Creating a new feature or fix

  1. Sync with upstream

    git checkout master
    git pull upstream master
  2. Create a feature branch

    If an issue does not already exist for your change, create one first. Then create a branch using the convention GH{issue number}-{short description}:

    git checkout -b GH123-fix-broken-filter
    # or
    git checkout -b GH456-add-new-analysis
  3. Make your changes

    Write your code, add tests, update documentation as needed.

  4. Run tests locally

    Fast unit tests using simulated data (no external data access):

    poetry run pytest -v tests --ignore tests/integration

    To run integration tests which read data from GCS, you'll need to request access to MalariaGEN data on GCS.

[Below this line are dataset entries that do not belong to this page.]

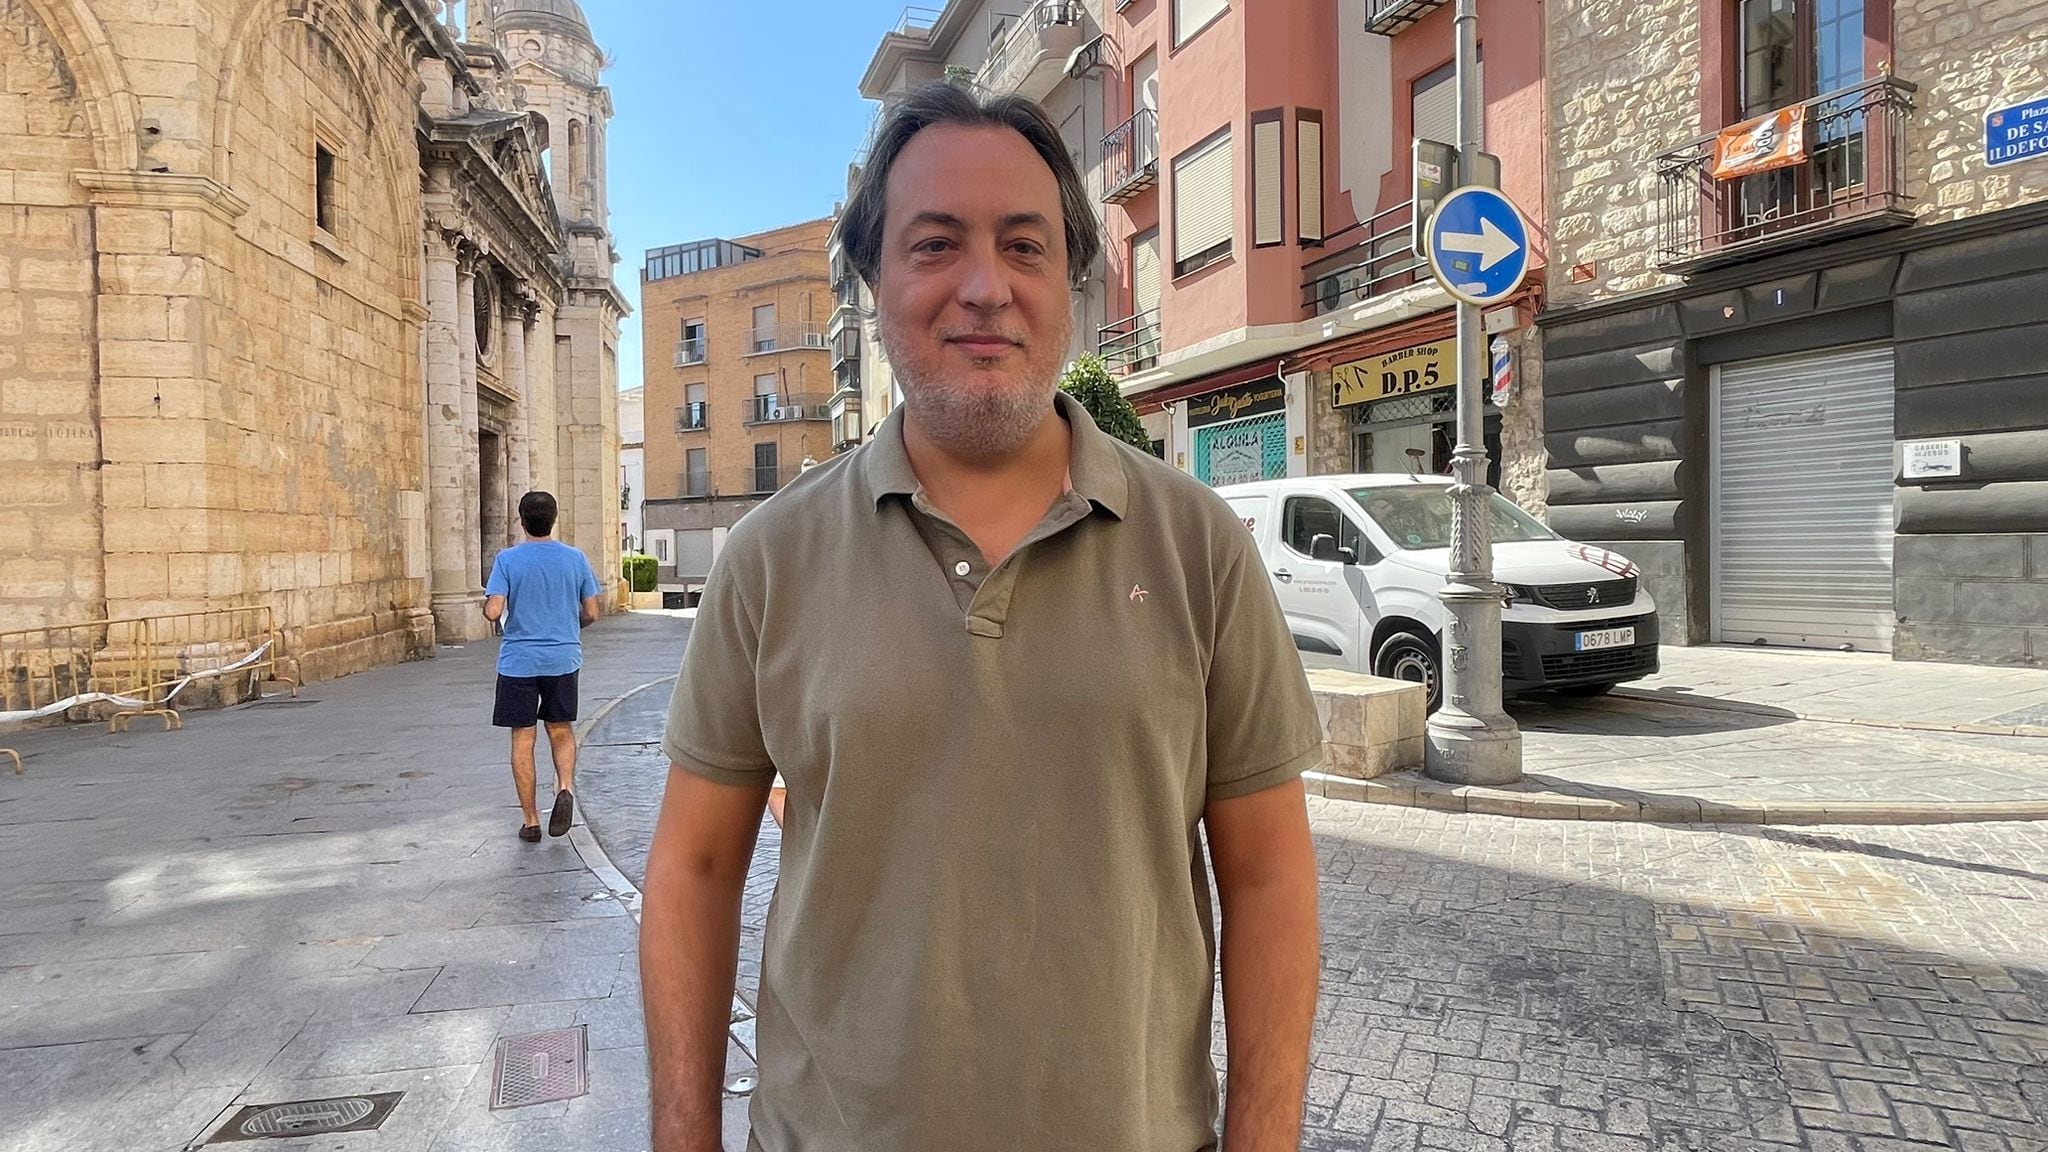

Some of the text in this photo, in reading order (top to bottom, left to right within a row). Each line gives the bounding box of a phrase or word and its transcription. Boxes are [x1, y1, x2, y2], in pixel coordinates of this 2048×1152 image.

[2021, 107, 2048, 120] Plaz
[2007, 124, 2030, 141] DE
[1382, 347, 1439, 368] BARBER SHOP
[1213, 431, 1259, 450] ALQUILA
[1583, 629, 1632, 647] 0678 LMP
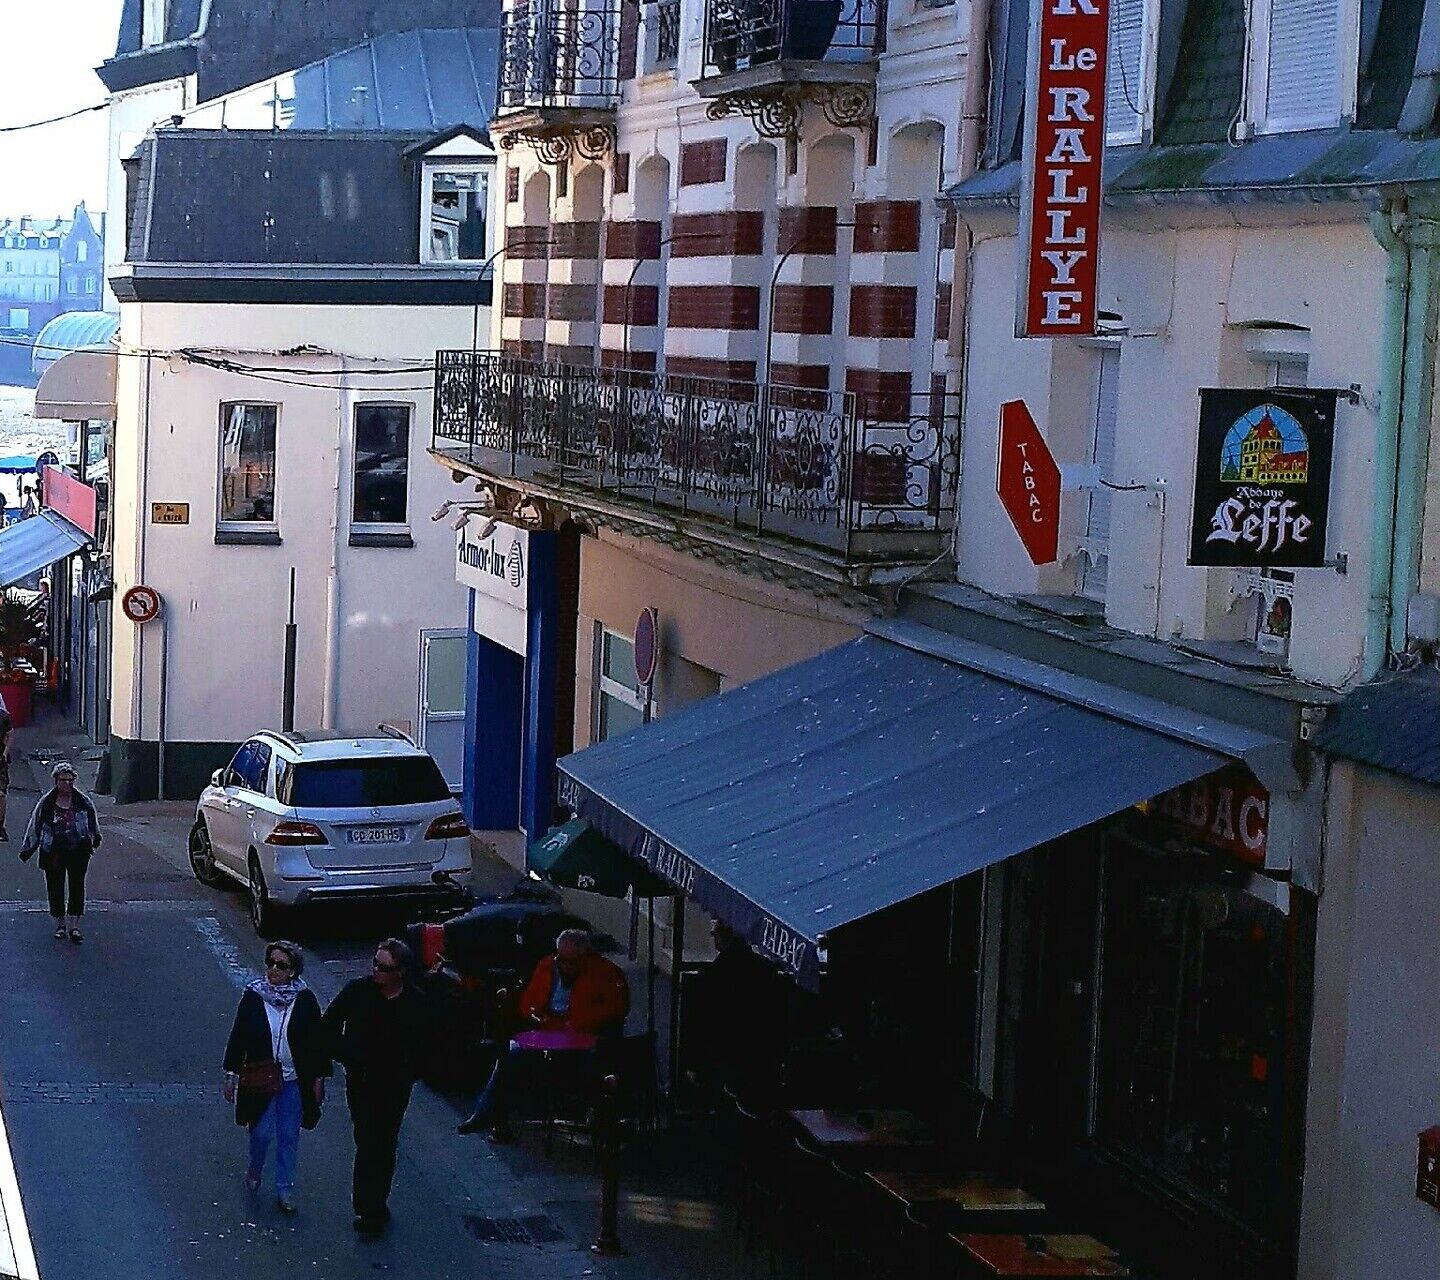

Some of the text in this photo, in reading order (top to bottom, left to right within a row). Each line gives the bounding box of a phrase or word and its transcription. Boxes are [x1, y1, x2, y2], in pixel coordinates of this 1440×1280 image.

[1048, 38, 1098, 71] Le
[1040, 86, 1095, 325] RALLYE
[1017, 442, 1043, 523] TABAC
[1236, 486, 1284, 500] Abbaye
[1205, 497, 1312, 553] Leffe

    Once access has been granted, install the Google Cloud CLI. E.g., if on Linux:

    ./install_gcloud.sh

    You'll then need to obtain application-default credentials, e.g.:

    ./google-cloud-sdk/bin/gcloud auth application-default login

    Once this is done, you can run integration tests:

    poetry run pytest -v tests/integration

    Tests will run slowly the first time, as data required for testing will be read from GCS. Subsequent runs will be faster as data will be cached locally in the "gcs_cache" folder.

  5. Run typechecking

    Run static typechecking with mypy:

    poetry run mypy malariagen_data tests --ignore-missing-imports
  6. Check code quality

    The pre-commit hooks will run automatically, but you can also run them manually:

    pre-commit run --all-files

Code style

We use ruff for both linting and formatting. The configuration is in pyproject.toml. Key points:

  • Line length: 88 characters (black default)
  • Follow PEP 8 conventions
  • Use type hints where appropriate
  • Write clear docstrings (we use numpydoc format)

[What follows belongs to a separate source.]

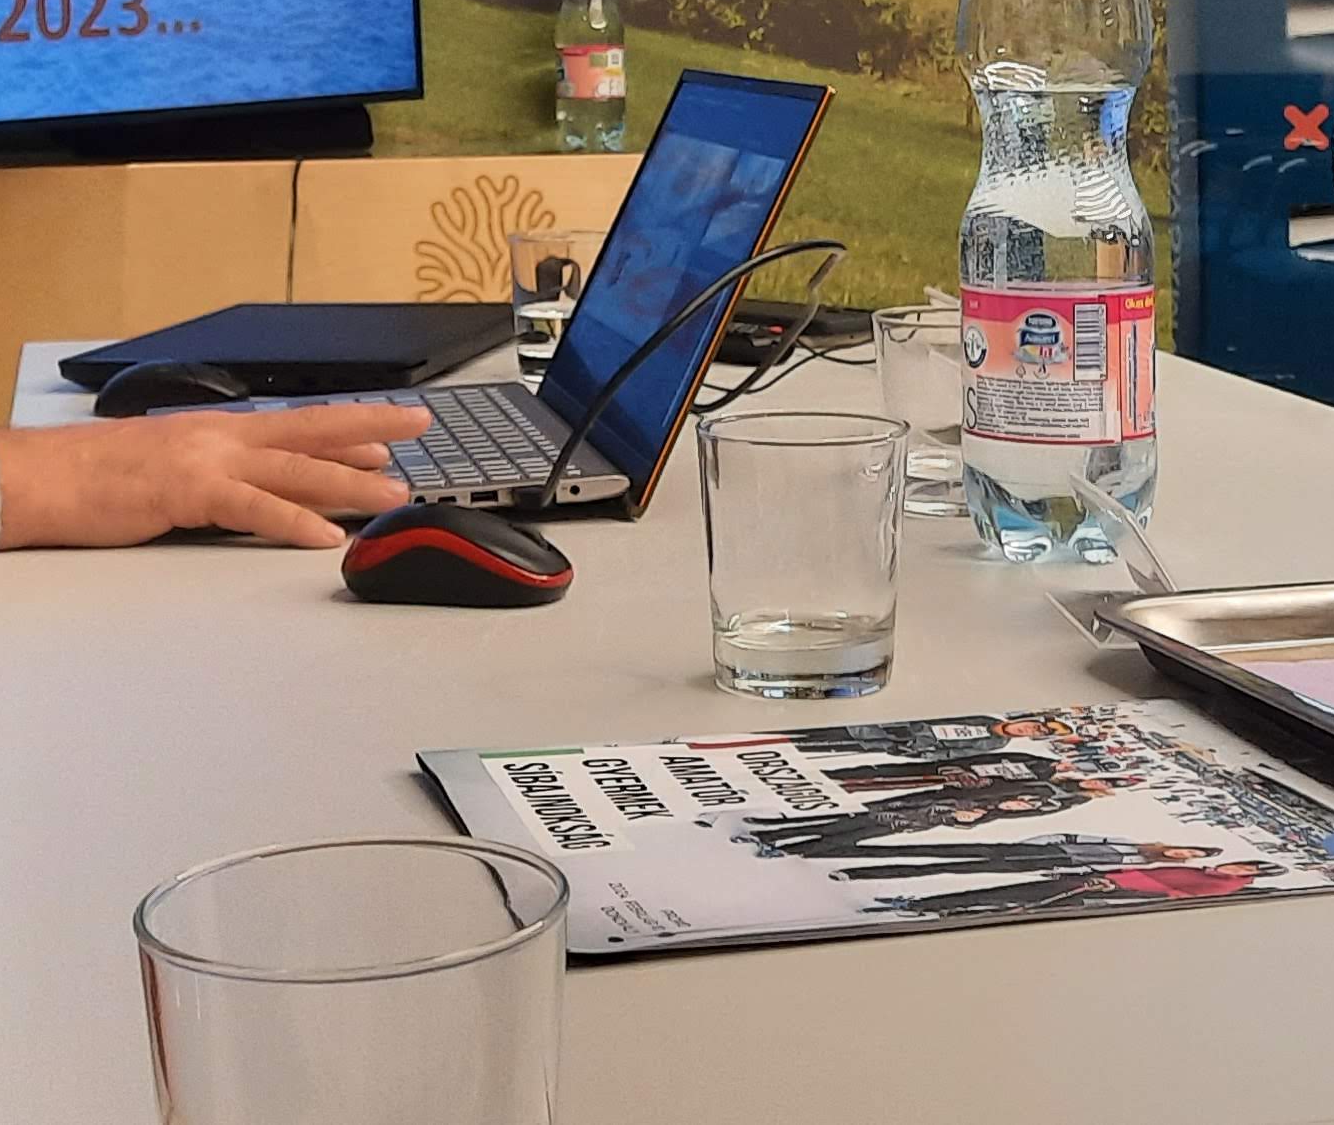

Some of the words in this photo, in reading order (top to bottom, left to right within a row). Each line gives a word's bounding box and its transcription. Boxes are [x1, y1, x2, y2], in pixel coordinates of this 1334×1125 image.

[502, 762, 612, 851] SÍBAJNOKSÁG
[582, 758, 675, 821] GYERMEK
[736, 751, 840, 812] ORSZÁGOS

The pre-commit hooks will handle most formatting automatically. If you want to run ruff manually:

ruff check .
ruff format .

Testing

  • Write tests for new functionality: Add unit tests in the tests/ directory
  • Test coverage: Aim to maintain or improve test coverage
  • Fast tests: Unit tests should use simulated data when possible (see tests/anoph/)
  • Integration tests: Tests requiring GCS data access are slower and run separately

Run dynamic type checking with:

poetry run pytest -v tests --typeguard-packages=malariagen_data,malariagen_data.anoph

Documentation

  • Update docstrings if you modify public APIs
  • Documentation is built using Sphinx with the pydata theme
  • API docs are auto-generated from docstrings
  • Follow the numpydoc style guide

Submitting your contribution

Before opening a pull request

  • Tests pass locally
  • Pre-commit hooks pass (or run pre-commit run --all-files)
  • Code is well-documented
  • Commit messages are clear and descriptive

Opening a pull request

  1. Push your branch

    git push origin your-branch-name
  2. Create the pull request

    • Go to the repository on GitHub
    • Click "Pull requests" → "New pull request"
    • Select your fork and branch
    • Write a clear title and description
  3. Pull request description should include:

    • What problem does this solve?
    • How does it solve it?
    • Any relevant issue numbers (e.g., "Fixes #123")
    • Testing done
    • Any breaking changes or migration notes

Review process

  • PRs require approval from a project maintainer
  • CI tests must pass (pytest on Python 3.10 with NumPy 1.26.4)
  • Address review feedback by pushing new commits to your branch
  • Once approved, a maintainer will merge your PR

Communication

Finding something to work on

  • Look for issues labeled good first issue
  • Check for issues labeled help wanted
  • Improve documentation or add examples
  • Increase test coverage

Questions?

If you're unsure about anything, feel free to:

  • Open an issue to ask
  • Start a discussion on GitHub Discussions
  • Ask in your pull request

We appreciate your contributions and will do our best to help you succeed!

License

By contributing to this project, you agree that your contributions will be licensed under the MIT License.